Exercise goal: Would you write out every record that follows exactly, with the pictures left out?

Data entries
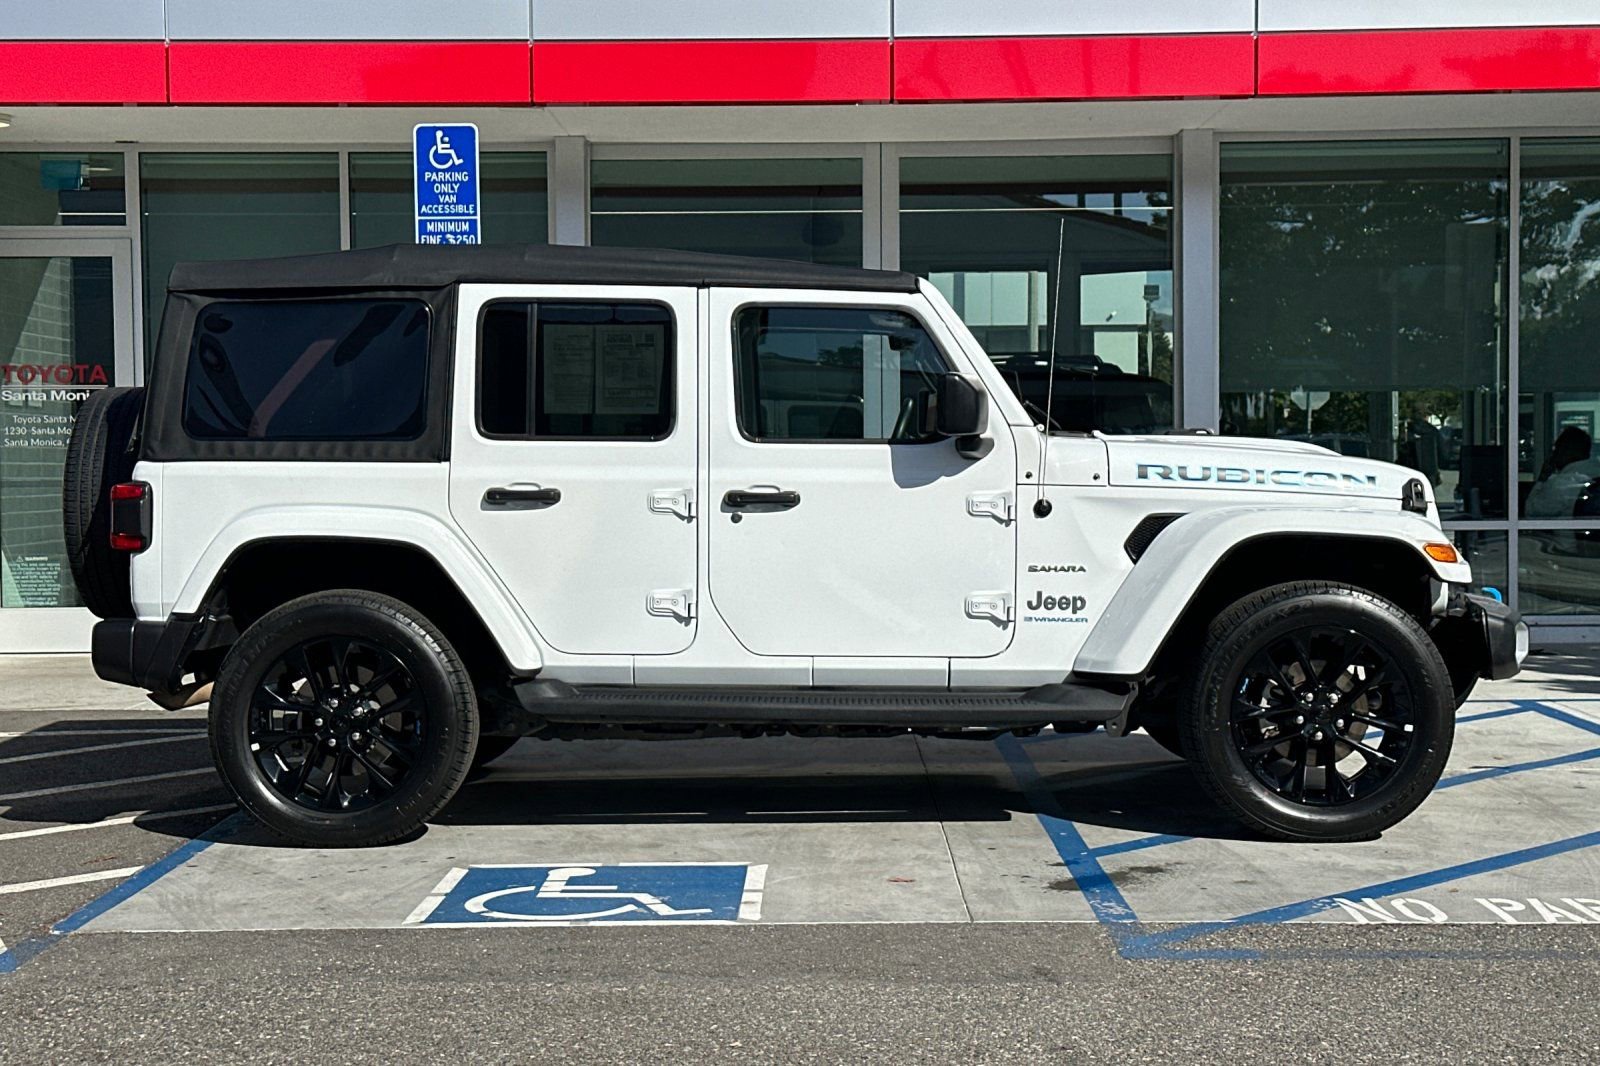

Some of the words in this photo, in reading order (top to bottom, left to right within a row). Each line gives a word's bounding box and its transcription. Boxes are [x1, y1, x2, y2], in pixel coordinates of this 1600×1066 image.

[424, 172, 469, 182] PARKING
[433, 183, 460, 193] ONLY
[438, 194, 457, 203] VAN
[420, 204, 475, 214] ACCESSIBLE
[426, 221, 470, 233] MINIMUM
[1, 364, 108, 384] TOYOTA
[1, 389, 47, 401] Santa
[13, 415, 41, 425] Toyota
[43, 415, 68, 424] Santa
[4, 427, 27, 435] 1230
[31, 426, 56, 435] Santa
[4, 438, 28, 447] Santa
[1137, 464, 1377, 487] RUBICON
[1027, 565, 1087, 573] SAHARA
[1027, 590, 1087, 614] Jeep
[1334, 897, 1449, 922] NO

Response area:
Some of the words in this photo, in reading order (top to bottom, left to right within a row). Each line gives a word's bounding box and its transcription. Boxes are [x1, y1, x2, y2], in pixel coordinates of this 1600×1066 image.

[424, 172, 469, 182] PARKING
[433, 183, 460, 193] ONLY
[438, 194, 457, 203] VAN
[420, 204, 475, 214] ACCESSIBLE
[426, 221, 470, 233] MINIMUM
[1, 364, 108, 384] TOYOTA
[1, 389, 47, 401] Santa
[13, 415, 41, 425] Toyota
[43, 415, 68, 424] Santa
[4, 427, 27, 435] 1230
[31, 426, 56, 435] Santa
[4, 438, 28, 447] Santa
[1137, 464, 1377, 487] RUBICON
[1027, 565, 1087, 573] SAHARA
[1027, 590, 1087, 614] Jeep
[1334, 897, 1449, 922] NO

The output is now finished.